Vaught's Views: Area players are part of EKU-WKU rivalry

September 16, 2004|LARRY VAUGHT

If Eastern Kentucky beats Western Kentucky Saturday night, former Harrodsburg standout Patrick Bugg could be a key to the win.

The sophomore tight end had a team-high seven receptions for 76 yards in last week's season-opening loss at Appalachian State and clearly has made the transition from high school quarterback to playing a much more physical position in college.

"He could possibly be one of the best receiving tight ends in the country," Eastern coach Danny Hope said. "He has receiving skills for us to line up at any receiving position and complete a play. He's 6-5 and well over 200 pounds. He runs well for someone at that position.

"The transition from a skilled player to a line-of-scrimmage player was something he struggled with last year. This year he's gotten bigger and stronger, and he's a much more physical player. He did a good job blocking Saturday."
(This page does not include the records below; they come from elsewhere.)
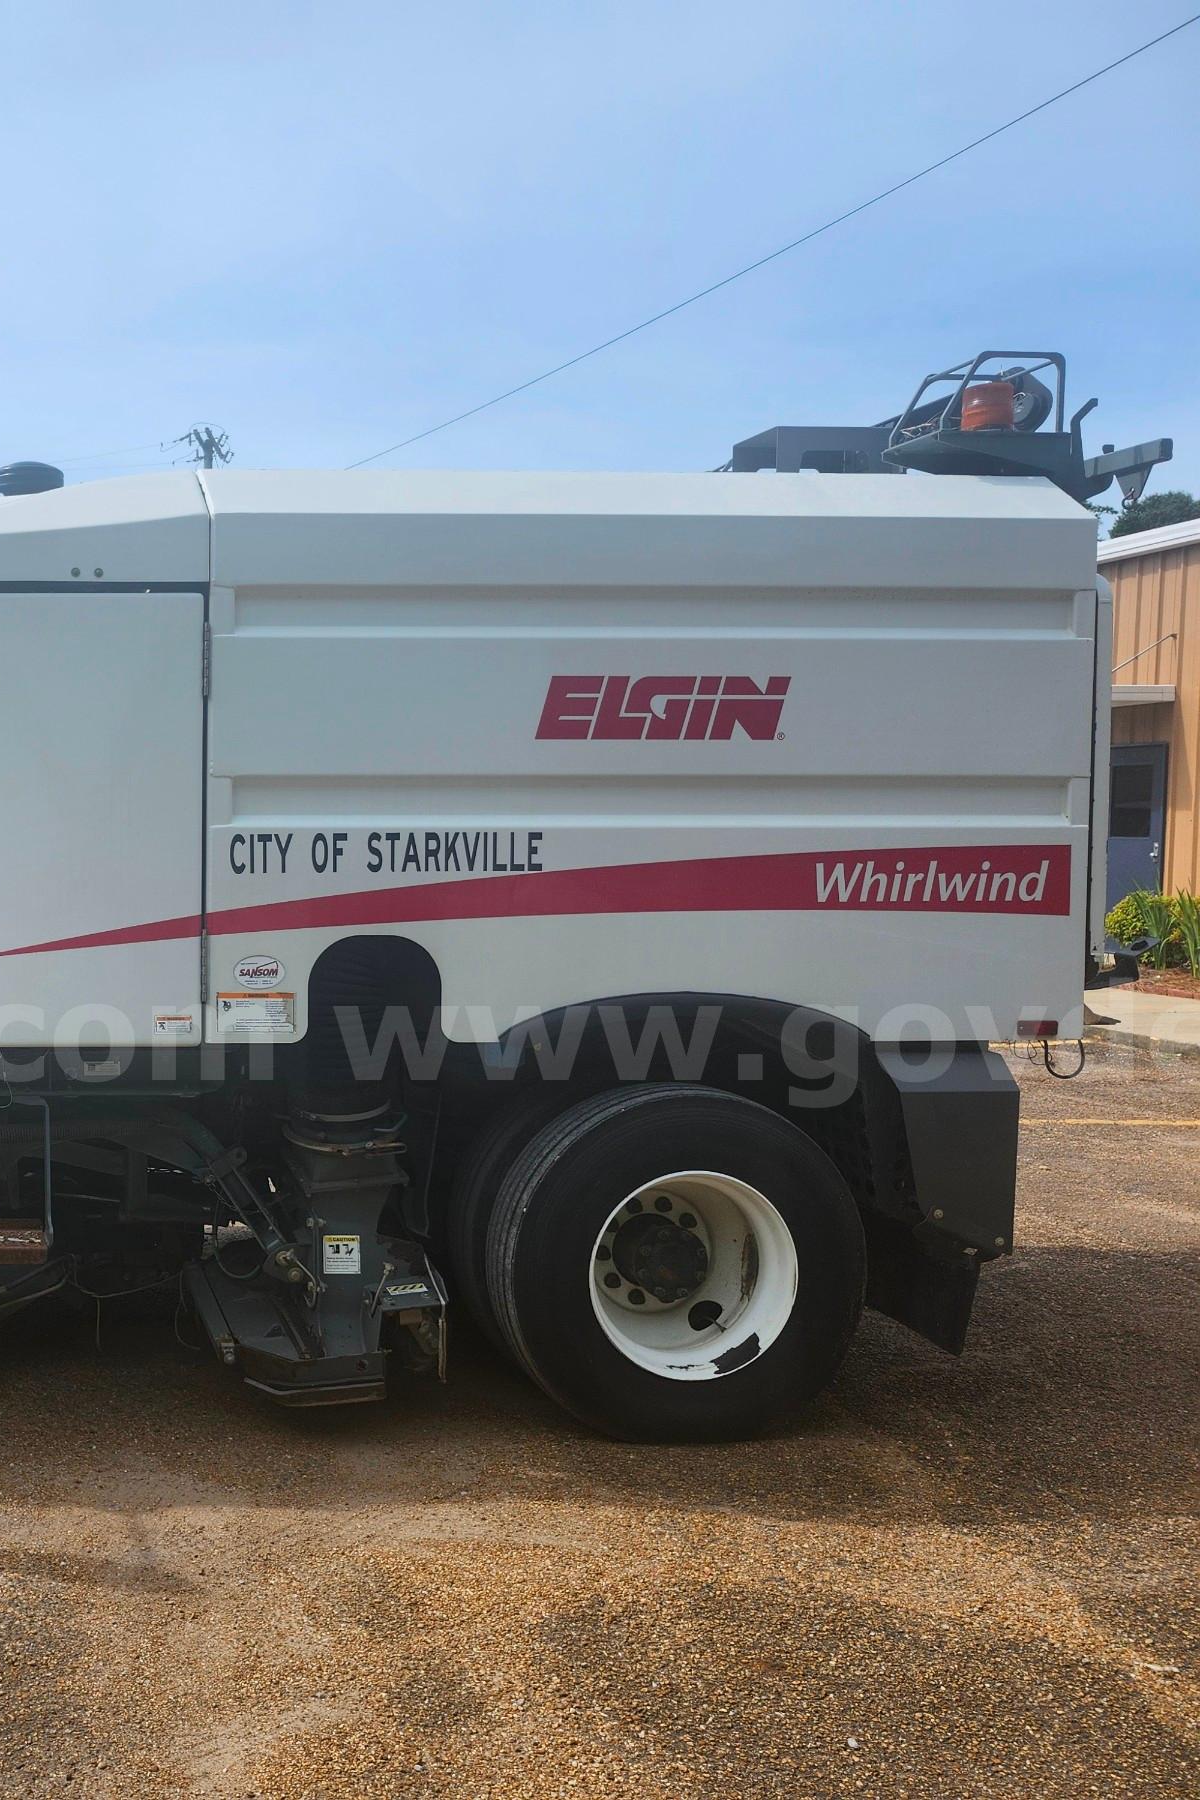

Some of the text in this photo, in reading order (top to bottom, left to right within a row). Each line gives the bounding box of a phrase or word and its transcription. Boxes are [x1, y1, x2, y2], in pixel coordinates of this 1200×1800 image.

[535, 675, 792, 741] ELGIN
[229, 831, 544, 875] CITY OF STARKVILLE
[814, 859, 1050, 904] Whirlwind
[238, 967, 279, 978] SANSOM
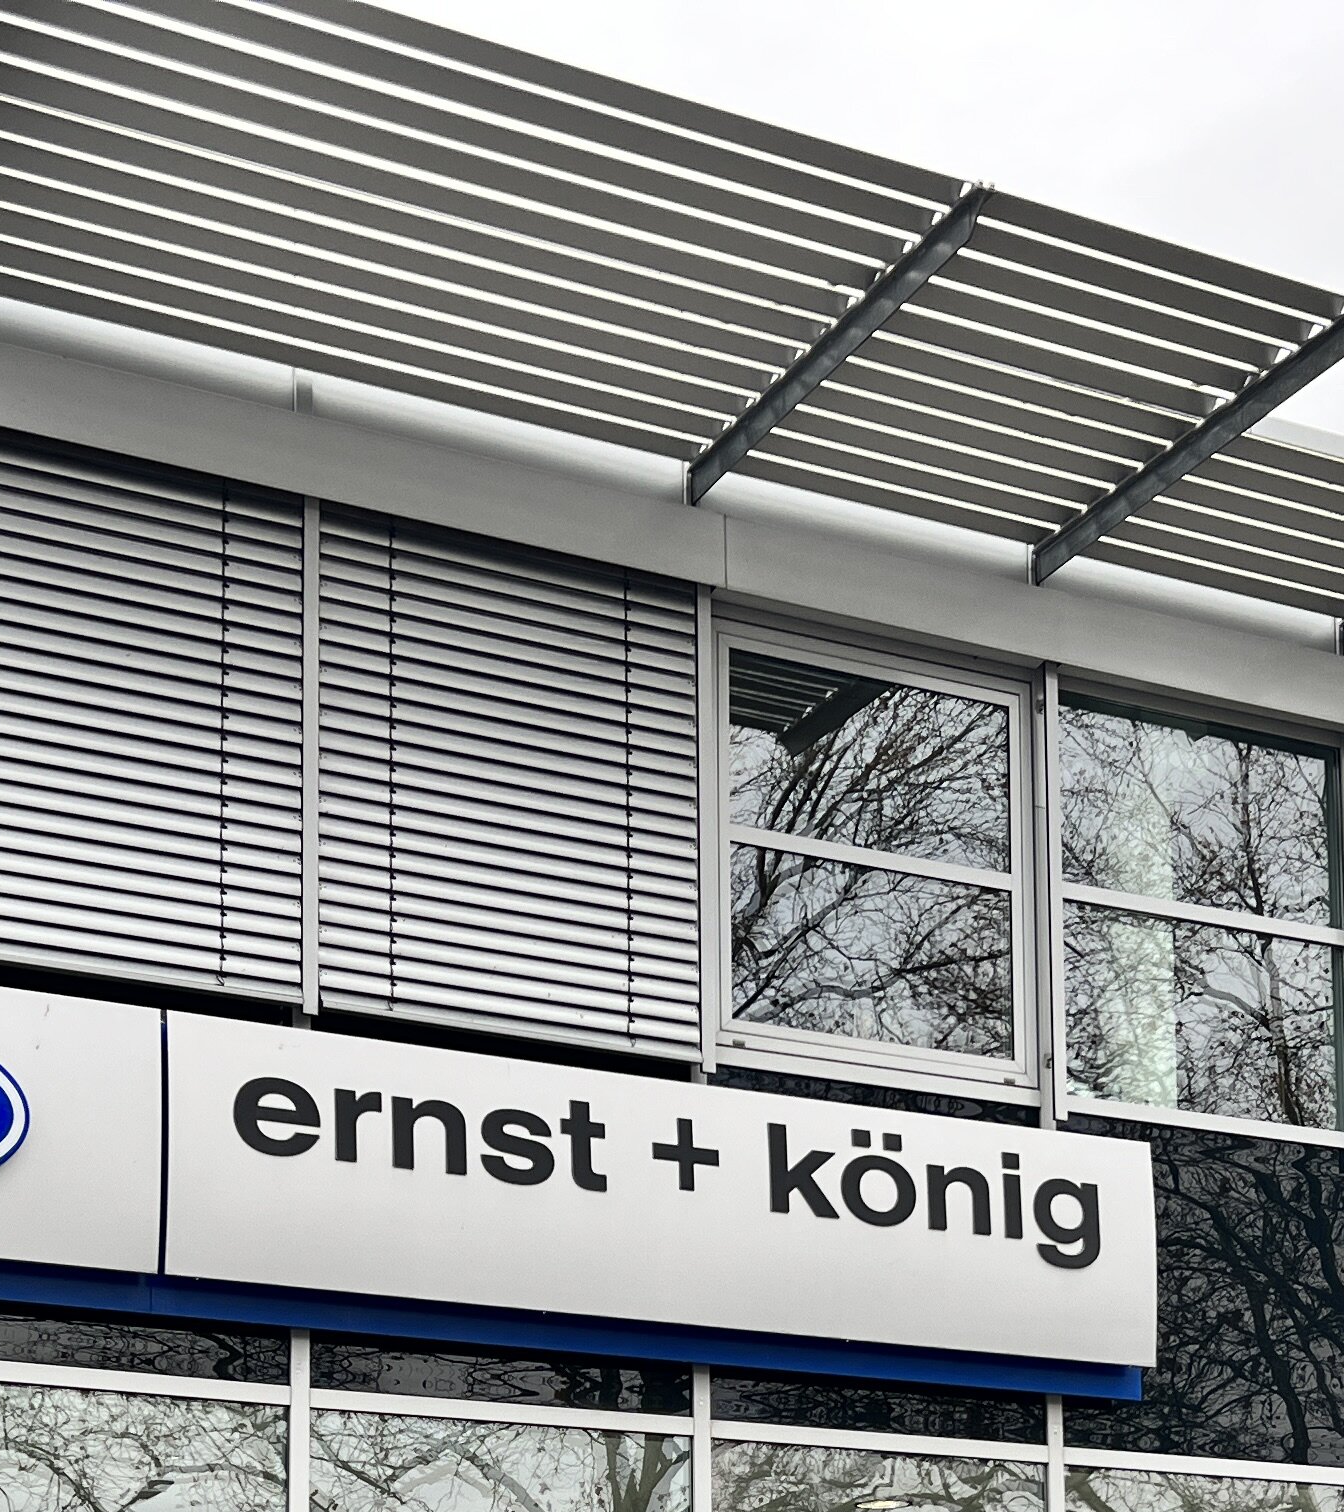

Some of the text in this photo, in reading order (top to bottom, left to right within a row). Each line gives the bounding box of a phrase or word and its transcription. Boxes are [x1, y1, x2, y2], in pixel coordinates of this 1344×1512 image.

Bugg did so well that Hope says he'll get the "ball a bunch this year" based on his opening-game play.

Bugg might run into a familiar foe a time or two in Saturday's game.

Brandon Smith, a former two-sport standout at Lincoln County, is Western's second-leading tackler this season. The junior linebacker has 13 solo stops and three assists and has recovered one fumble.
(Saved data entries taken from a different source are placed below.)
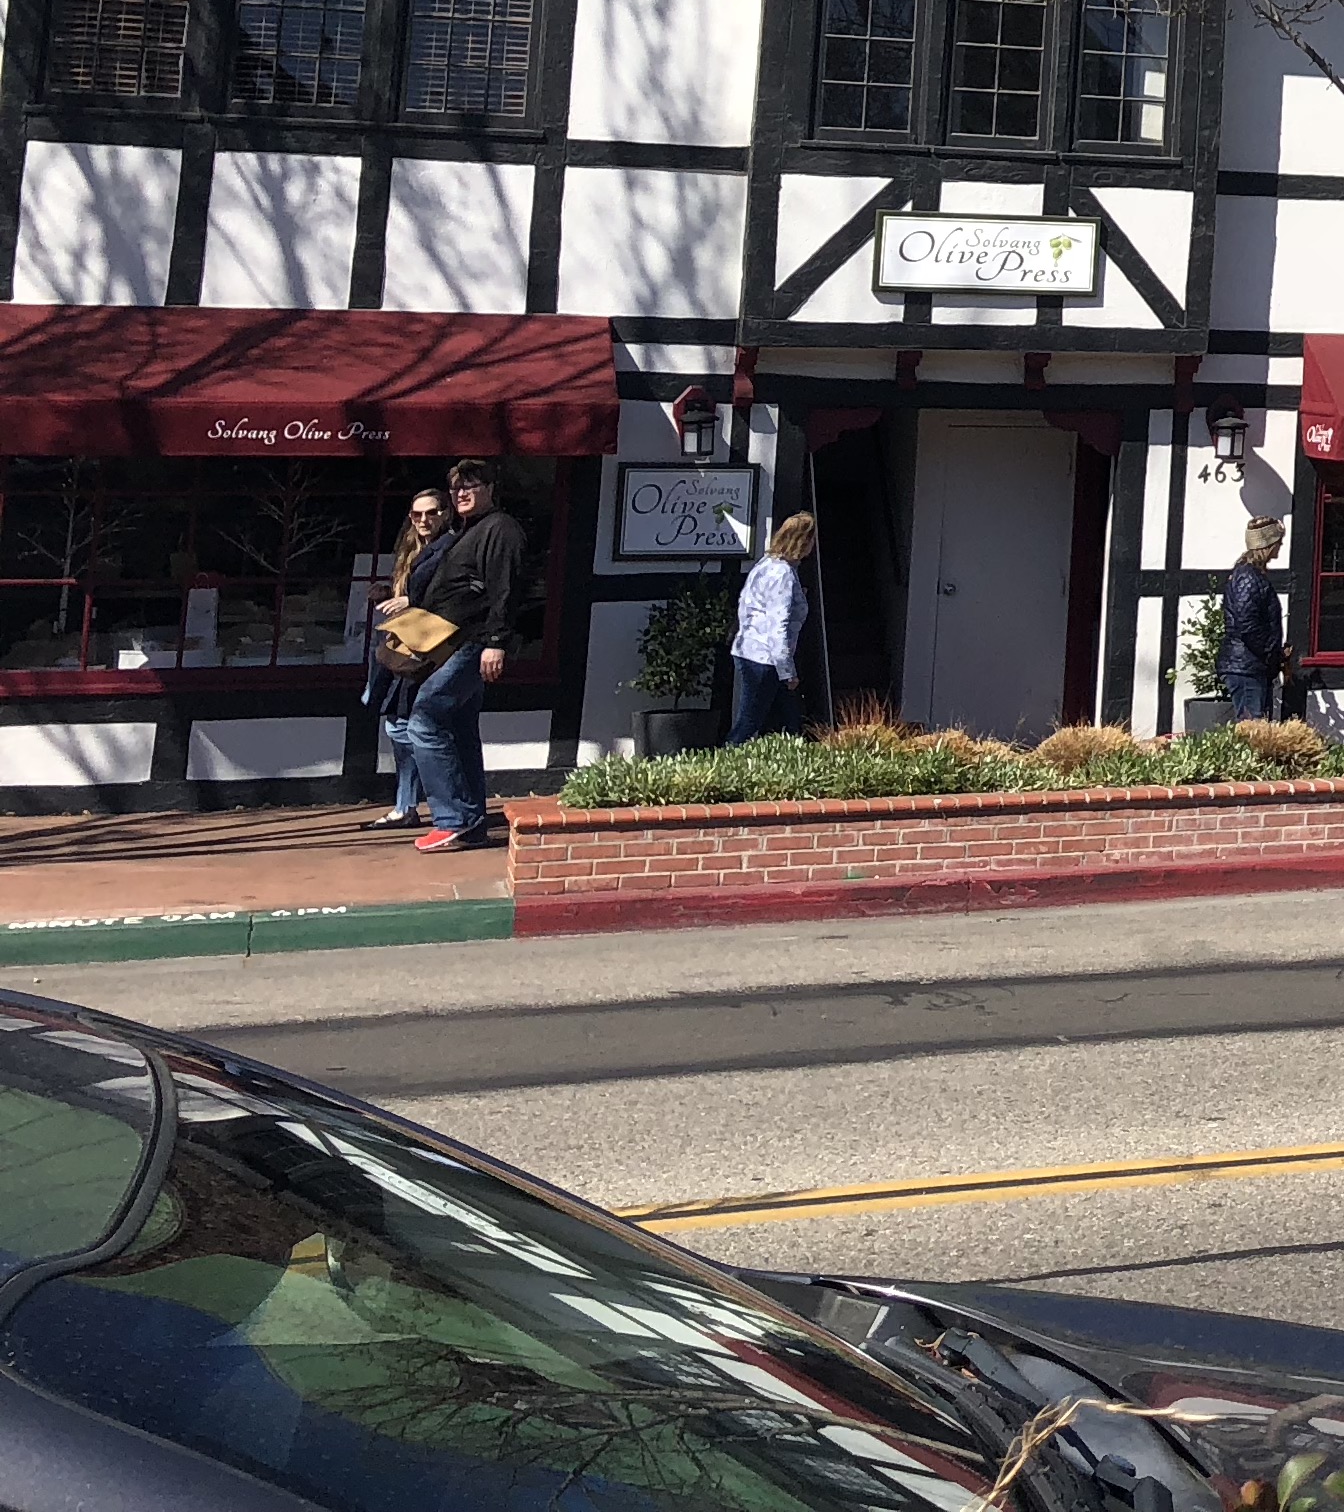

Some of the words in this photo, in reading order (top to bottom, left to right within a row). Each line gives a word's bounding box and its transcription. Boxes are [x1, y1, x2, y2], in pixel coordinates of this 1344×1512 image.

[899, 227, 988, 264] Olive
[966, 227, 1041, 255] Solvang
[975, 250, 1072, 283] Press
[207, 418, 276, 445] Solvang
[284, 419, 331, 439] Olive
[338, 421, 390, 440] Press
[1198, 461, 1245, 484] 463
[631, 480, 707, 515] Olive
[686, 476, 740, 500] Solvang
[655, 514, 738, 546] Press
[8, 916, 144, 930] MINUTE
Saturday's game in Richmond has one other area connection. Mark Dunn, Bugg's former teammate at Harrodsburg, scored Eastern's first touchdown last week against Appalachian State on a 3-yard run, one of only two carries he had in the game.

The former area players - and everyone else - should enjoy Saturday's game now that the two long-time rivals are finally back playing.

"It's going to be a big-time rivalry," Hope said. "I think it will be something we haven't seen around here in over two decades. We have a chance to break attendance records. I think you will see 7,000 to 10,000 out here tailgating.

"The atmosphere will be second to none. When I played here back in the 1970's, there were several occasions where we had crowds that were 20,000-plus, and many times it was for the Western game."

As an ex-Eastern player, Hope understands the pride factor involved in this game for fans.

No bigger game for Eastern, Western fans

While it may not have the statewide appeal of the Kentucky-Louisville rivalry, there is no bigger game for Eastern and Western fans.

"When you play Western, everybody that bleeds maroon is listening to see the score because it gives you bragging rights for a year," Hope said. "It means a lot to our team, but it may mean a whole lot more to our fans and the people that played here.

"It's one of the oldest rivalries in the nation, dating back almost 90 years. It's been considered one of the top sporting events in the state for over 80 years. It's one of the reasons you play college football."

If Kentucky wasn't playing Indiana at almost the same time, even more fans likely would be in Richmond for this game.

Then again, based on how UK played against Louisville, some fans may well decide that the Eastern-Western game is a far better game to watch than the one in Commonwealth Stadium.

"Western is an outstanding football team," Hope said. "They will be a good measuring stick for where our program is right now.

"We have a good football team. We have a lot of potential on our team. We feel like we're going to improve quite a bit over last week. I just think it is going to be a heck of a ballgame."